The loop stretched. It tangled. The splice where the tracks joined was weak. Every song transition ended in a click or a static pop. Sometimes a song faded out. The machine clunked. The song faded back in.

Awkward.

Cassette tapes replaced it. They were smaller. Tougher. And then came the Sony Walkman, and 8-track vanished.

The Video Wars

Do not get me started on Betamax. I have covered the war between it and VHS before. The common wisdom is that Betamax was superior tech and lost due to corruption or conspiracy.

It’s simpler.

People wanted longer recording times. VHS offered two hours. Betamax offered one. People rented porn and sports highlights. VHS won.

During this war, RCA released SelectaVision. Or the CED (Capacitance Electronic Disc).

This was a disaster. A massive, expensive embarrassment.

It used vinyl-like discs read by a stylus. Yes. Like a record player. But for video.

The discs lived in protective caddies. You inserted the plastic case. The player sucked the disc out. The empty caddy spitted back out. Clever engineering? Maybe.

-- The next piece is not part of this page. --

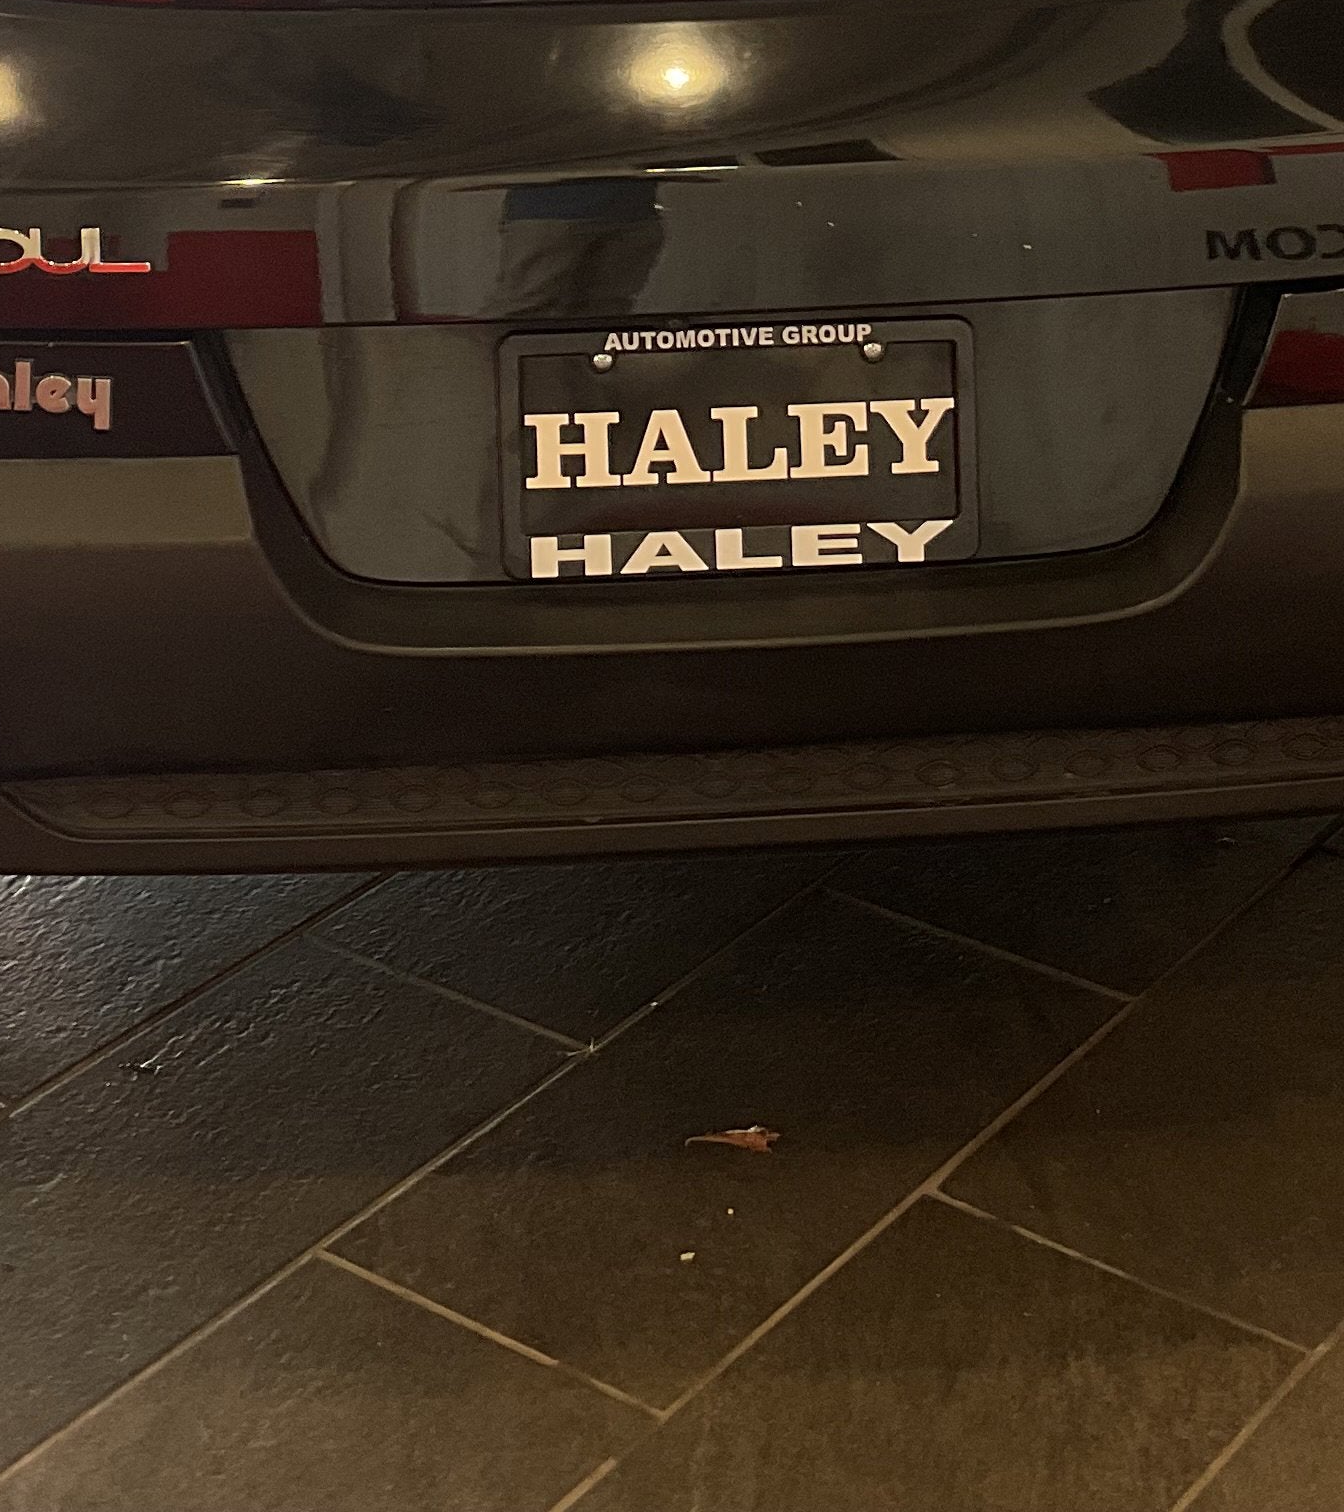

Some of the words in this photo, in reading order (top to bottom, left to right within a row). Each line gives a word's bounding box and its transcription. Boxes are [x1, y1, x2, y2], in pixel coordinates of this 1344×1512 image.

[604, 326, 775, 351] AUTOMOTIVE
[781, 324, 873, 345] GROUP
[524, 397, 955, 490] HALEY
[530, 520, 954, 579] HALEY

Bad business. Terrible timing.

RCA spent twelve years developing this. They launched in 1 9 8 1. VHS was already everywhere. Betamax was established.

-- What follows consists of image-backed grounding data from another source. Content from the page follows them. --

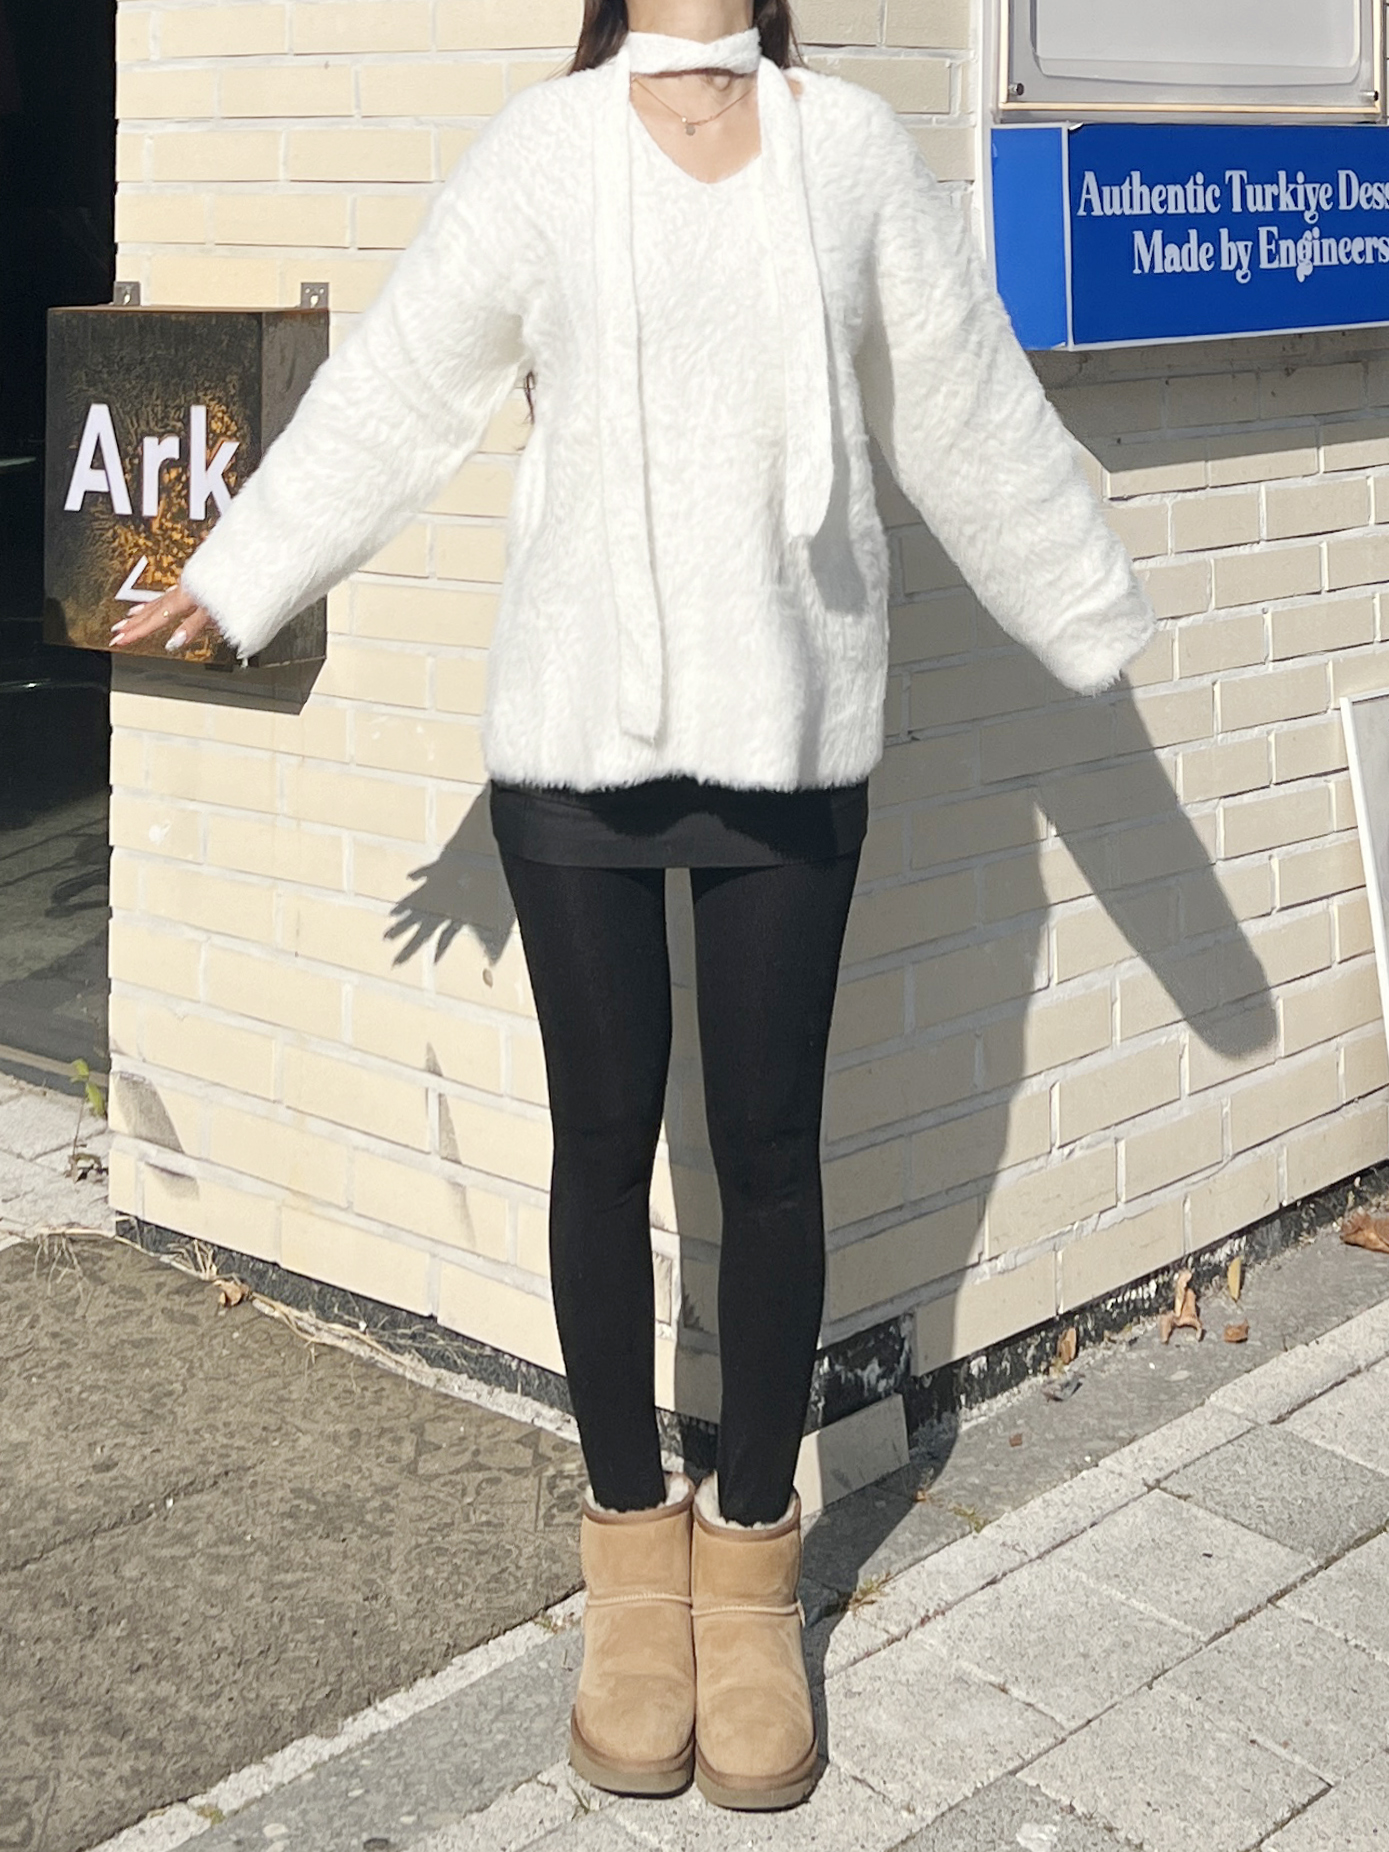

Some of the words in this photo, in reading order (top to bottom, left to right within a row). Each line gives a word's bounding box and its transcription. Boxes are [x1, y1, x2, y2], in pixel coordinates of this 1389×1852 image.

[1077, 170, 1221, 216] Authentic
[1225, 170, 1334, 224] Turkiye
[1132, 229, 1214, 275] Made
[1219, 228, 1253, 284] by
[1258, 226, 1389, 283] Engineers
[64, 403, 240, 521] Ark

SelectaVision couldn’t record TV. You could only watch movies. In an era when “time-shifting” recording live sports or sitcoms was the main draw of video players, RCA offered playback only.

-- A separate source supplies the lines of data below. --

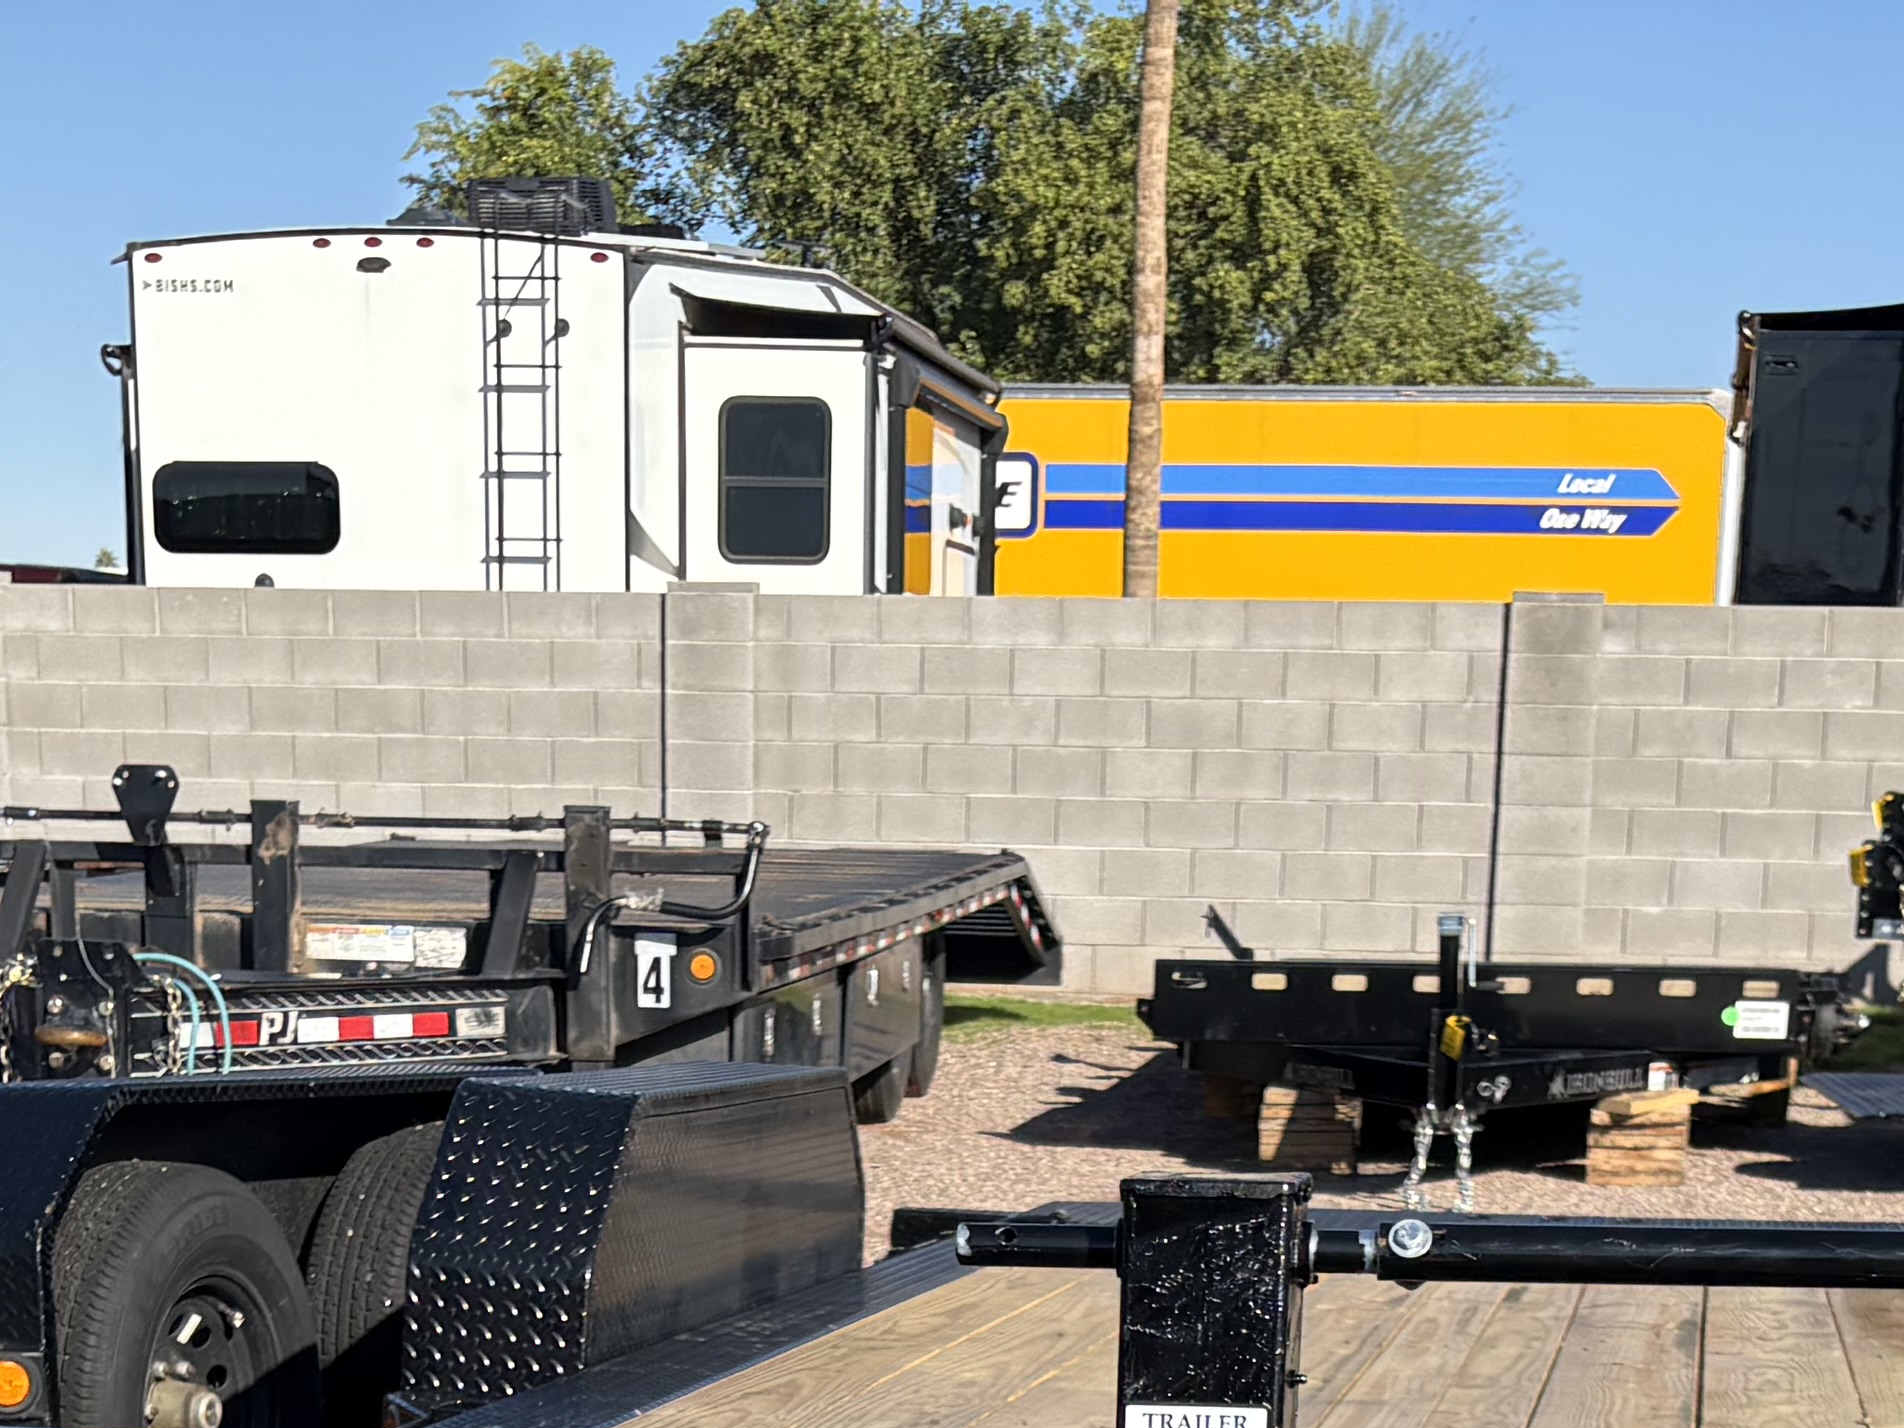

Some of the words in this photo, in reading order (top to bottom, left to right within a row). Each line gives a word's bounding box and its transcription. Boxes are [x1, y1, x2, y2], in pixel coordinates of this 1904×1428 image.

[1557, 473, 1616, 494] Local
[1539, 508, 1580, 529] One
[1581, 508, 1628, 534] Way
[643, 957, 665, 1004] 4
[259, 1010, 298, 1045] PJ

It worked. The quality was decent for the tech. But it arrived three years too late to save the company. RCA lost hundreds of millions.

Classic case of solving a problem that nobody had anymore.

The Optical Almost-Successes

LaserDisc was beautiful. Big 12-inch optical discs. Analog video read by laser.

It was the ancestor of DVD.

The quality crushed VHS. Sharper image. Stereo sound. Director commentaries. Bonus tracks. If you loved movies. If you cared. LaserDisc was the format.

It never became mainstream. Too big. Too fragile. But for collectors. It was the gold standard.

Then came digital audio. DAT. Digital Audio Tape.

Sony launched it in the eighties. High fidelity. Digital sound in a tiny cartridge.

Engineers loved it. Recording studios used it everywhere. It was clean. Durable.

The record labels hated it.

Why? Perfect copying. DAT could digitize CDs without any quality loss. Panic. Lawsuits. Restrictions.

They installed Serial Copy Management systems. Digital rights management before the internet made it mandatory. The cost of the players remained high. Regular consumers stuck to CDs or cassettes.

Sony tried again. MiniDisc.

Early nineties. Small plastic cartridge with a magneto-optical disc inside. Recordable. Erasable. Durable.

It was exactly what cassettes wanted to be.

Journalists loved it. Musicians used it for demos. In Japan. It was everywhere.

But globally. It was trapped. CDs were cheap. Then MP3s arrived. Suddenly carrying physical plastic discs felt ancient.

Sony made the same mistake again. Restrictive copy protection. Dragging MP3s onto a flash drive is easier than managing tracks on a MiniDisc.

Not a bad product. Just born at the wrong time. Caught between the cassette and the iPod.

The Audiophile’s Ghost Town

What about sound better than CD?

Two formats emerged. Both failed to kill the CD.

First, DVD-Audio.

Higher bit rates. 24-bit. Surround sound mixes. Stored on DVD media.

I bought some back in 2 0 0 0. Do you need a new speaker system to hear the difference? Maybe. I still play them on my Blu-ray player. It works.

Then SACD. Super Audio CD.

Created by Philips and Sony. Their own invention turned against their CD legacy.

SACD used a single-bit stream sampled at over 2.8 million times a second. Instead of 1s and 0s representing binary steps, they represented direct voltage pulses. DSD. Direct Stream Digital.

Complex. Niche.

Here is why both failed.

Timing.

DVD-Audio and SACD launched when Napster peaked. MP3s exploded. Nobody cared about higher bit rates. They cared about portability.

Convenience won. Always.

Still Spinning?

Physical media is not dead. Just different.

Sales have ticked up. People are tired of streaming services pulling songs or movies overnight.

You want your library. Forever.

Even 8-track is having a weird revival. Enthusiasts are pressing new tapes. Reel-to-reel has a following again.

Will there be a new format?

Unlikely. The market is too small. The technology is settled.

We have our archives. We have our nostalgia. That is enough for now.